Here we get some more details. I'm interest that the funeral in question is Nic's--maybe knowing that before would help. But even with this paragraph I think the set up here is too long. It's telling, and what we really want after that first line is to see what exactly will get the protagonist to start planning a wedding during her best friend's funeral.

Also, and this might be me, but a huge pet peeve of mine is when the protagonist steps out of the narrative and tells us that we're reading. There are exceptions to everything and I've certainly read some great books that break down that fourth wall. Most of the time it just really pulls me out of the narrative--which is the opposite of what you want.

What if the first few lines read:

If you want the truth, I started planning my wedding at my best friend's funeral.
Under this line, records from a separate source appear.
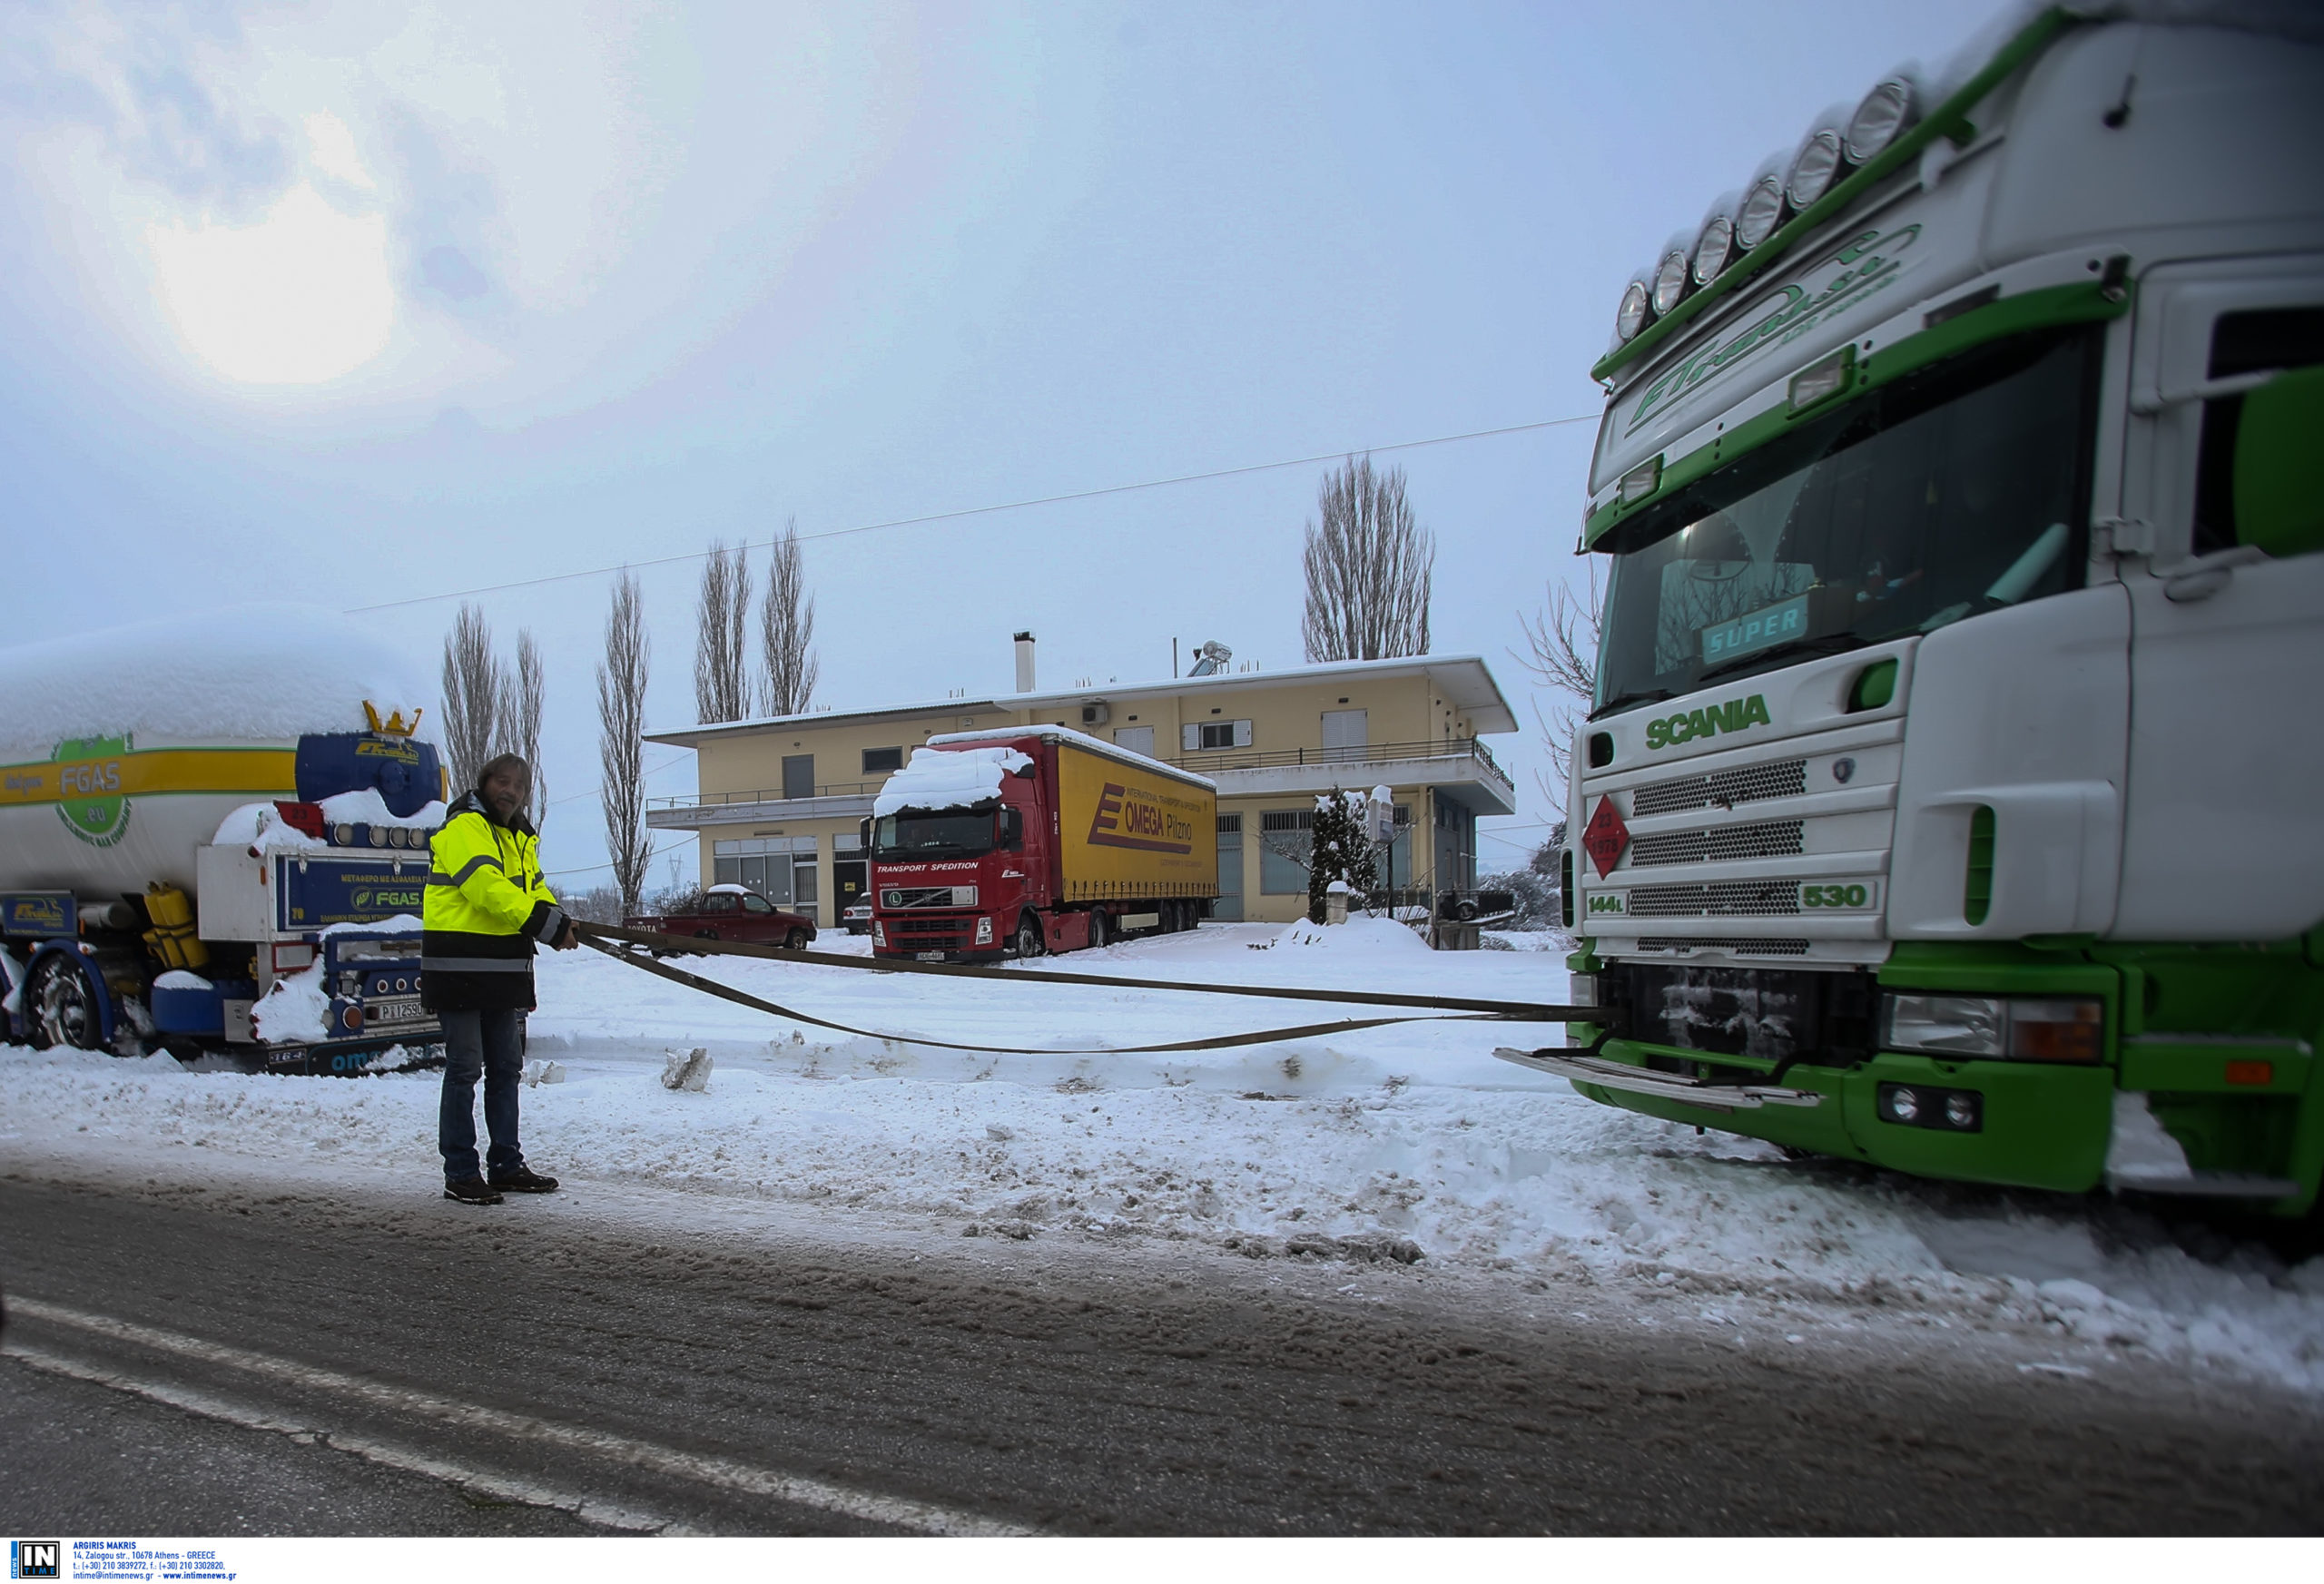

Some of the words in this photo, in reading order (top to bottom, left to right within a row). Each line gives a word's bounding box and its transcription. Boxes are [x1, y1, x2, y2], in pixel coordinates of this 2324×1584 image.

[1709, 608, 1798, 654] SUPER
[1646, 694, 1770, 750] SCANIA
[60, 762, 120, 794] FGAS
[1125, 801, 1165, 837] OMEGA
[1167, 813, 1192, 841] Pilzno
[1599, 813, 1612, 828] 23
[1592, 839, 1619, 855] 1978
[877, 864, 928, 873] TRANSPORT
[931, 862, 980, 871] SPEDITION
[1802, 884, 1866, 908] 530
[397, 1003, 423, 1016] 12590
My best friend Nic--the one whose funeral it was--might say No one wants to hear the truth, but I'm a proofreader and my attention to detail is tedious.

So the truth it is.


.................

I was 27 when Nic died. I had to fly from New York to California for the funeral. Nic’s parents, the Hansens, were nice enough to let me stay with them. The service was very dark, literally and figuratively. It was held at the Alumni House at the University of Southern California, this place full of deep brown mahogany moldings and recessed lighting. From the outside it looked like the walls of the bottom floor were all French doors, but when you got inside, they had put these heavy velvet curtains along all four walls so the room was cave-like, closed in. It seemed like the entire first floor was a giant room swathed in red velvet, full of folding chairs and reeking of flowers.

While I find some of these details interesting, there's too much telling here. The first four sentences are short and structured similarly and just dispensing information. I do like the images of the last several lines in the paragraph, particularly the reeking flowers, but it's still telling description.  


The voice in the earlier lines seems different now or even gone. I want to get the protagonists thoughts and feelings  interspersed with the description--her best friend just died, where's the emotion?


I think I would read the next paragraph or two to see where this was going--I really did love that first line--but if the protagonist continued to lack emotion I'd stop.